The grassland comprises basically two types , the short and long grass plains. The indicator
species in the Short Grass Plains are Sporobolus ioclados, Digitaria macroblephera, Eragrostis
species, Andropogon greenwayi, Cynodon dactylon and Cynodon nlemfuensis . In the Tall Grass
Plains the indicator species are Chloris gayana, Hyparrhenia rufa, Themeda triandra, Aristida
kenyensis and Pennisetum mezianum (Hanby & Bygott, 1992). The mean annual rainfall in the
Crater is approximately 600 mm in the Tall Grass Plains and 500 mm in the Short Grass Plains
(Runyuro, 1995). The Crater has one of the largest and most diverse concentrations of herbivores
occurring anywhere in Africa having 31 different ungulate species ranging from the dainty dik dik
to the imposing elephant. The most abundant species are the wildebeest but other common
ungulate species include buffalo, zebra, Grant’s gazelle, Thompson’s gazelle and Kongoni (Trollope
& Trollope, 1995).
During the early 1970’s, burning of the grasslands in the Crater was prohibited (Trollope et
al,2003) and replaced the previous fire management practices of the resident Masaai pastoralists
who burnt the Crater regularly to provide nutritious grazing for their livestock and to control ticks.

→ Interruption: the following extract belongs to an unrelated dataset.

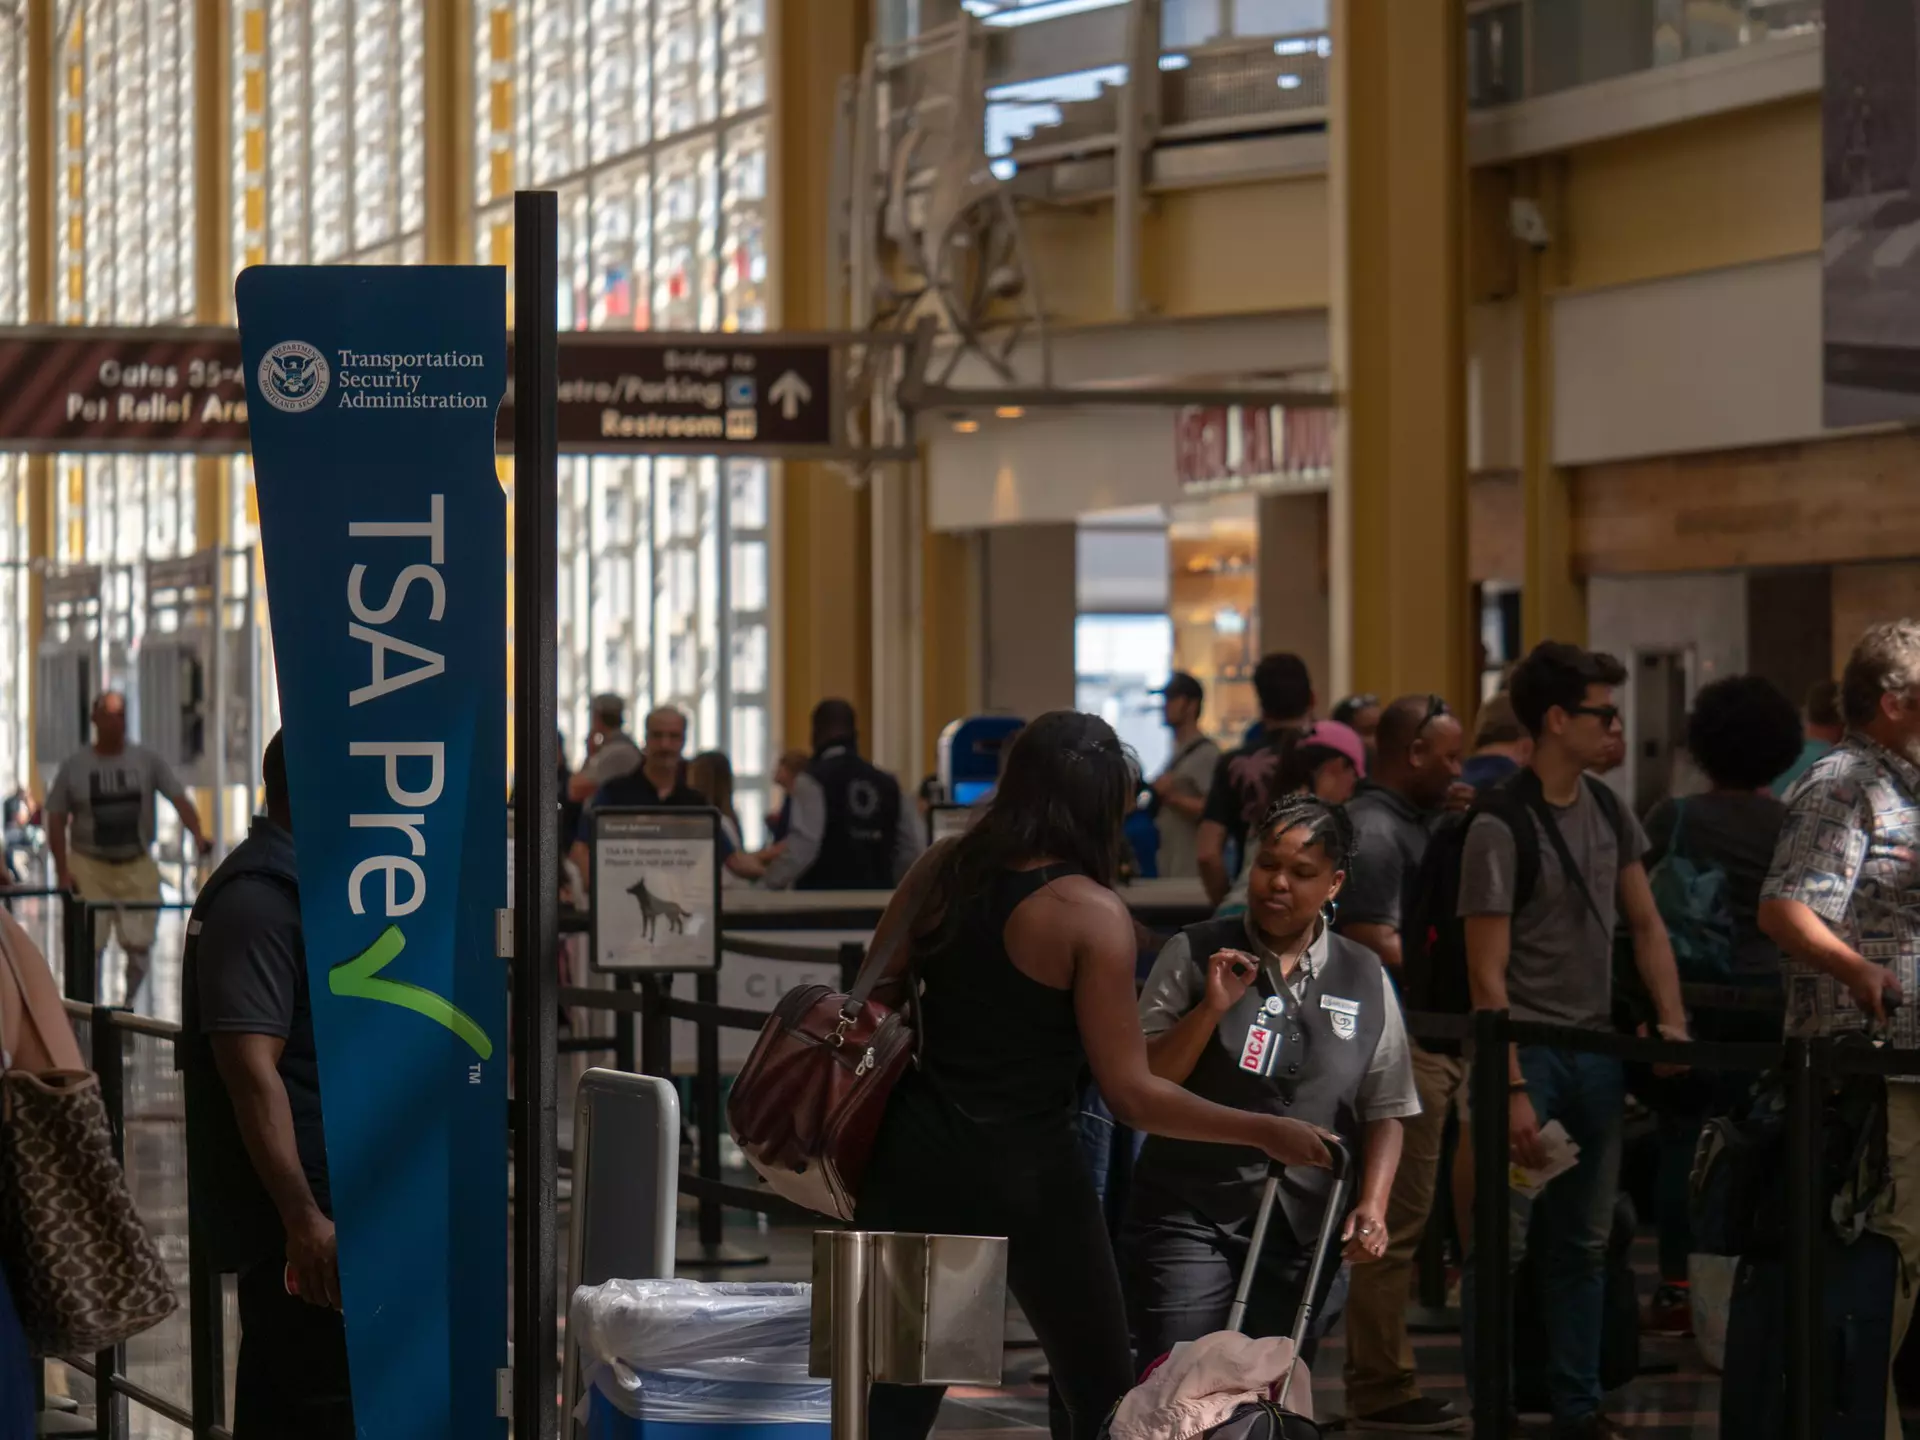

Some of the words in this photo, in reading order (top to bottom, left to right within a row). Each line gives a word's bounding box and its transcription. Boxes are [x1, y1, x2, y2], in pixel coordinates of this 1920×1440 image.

This change in fire management involving regular burning and grazing by both domestic livestock
and wild ungulate grazing species to no burning and grazing only by wildlife has since the 1970’s
resulted in major changes in the composition of the wild ungulate species utilizing the Ngorongoro
Crater. These changes have been investigated by Estes et al (2006) and clearly show the
significant decline in the wildebeest population between 1964 and 2005 and the marked increase in
the buffalo population between 1970 and 2005 – see Figure 41.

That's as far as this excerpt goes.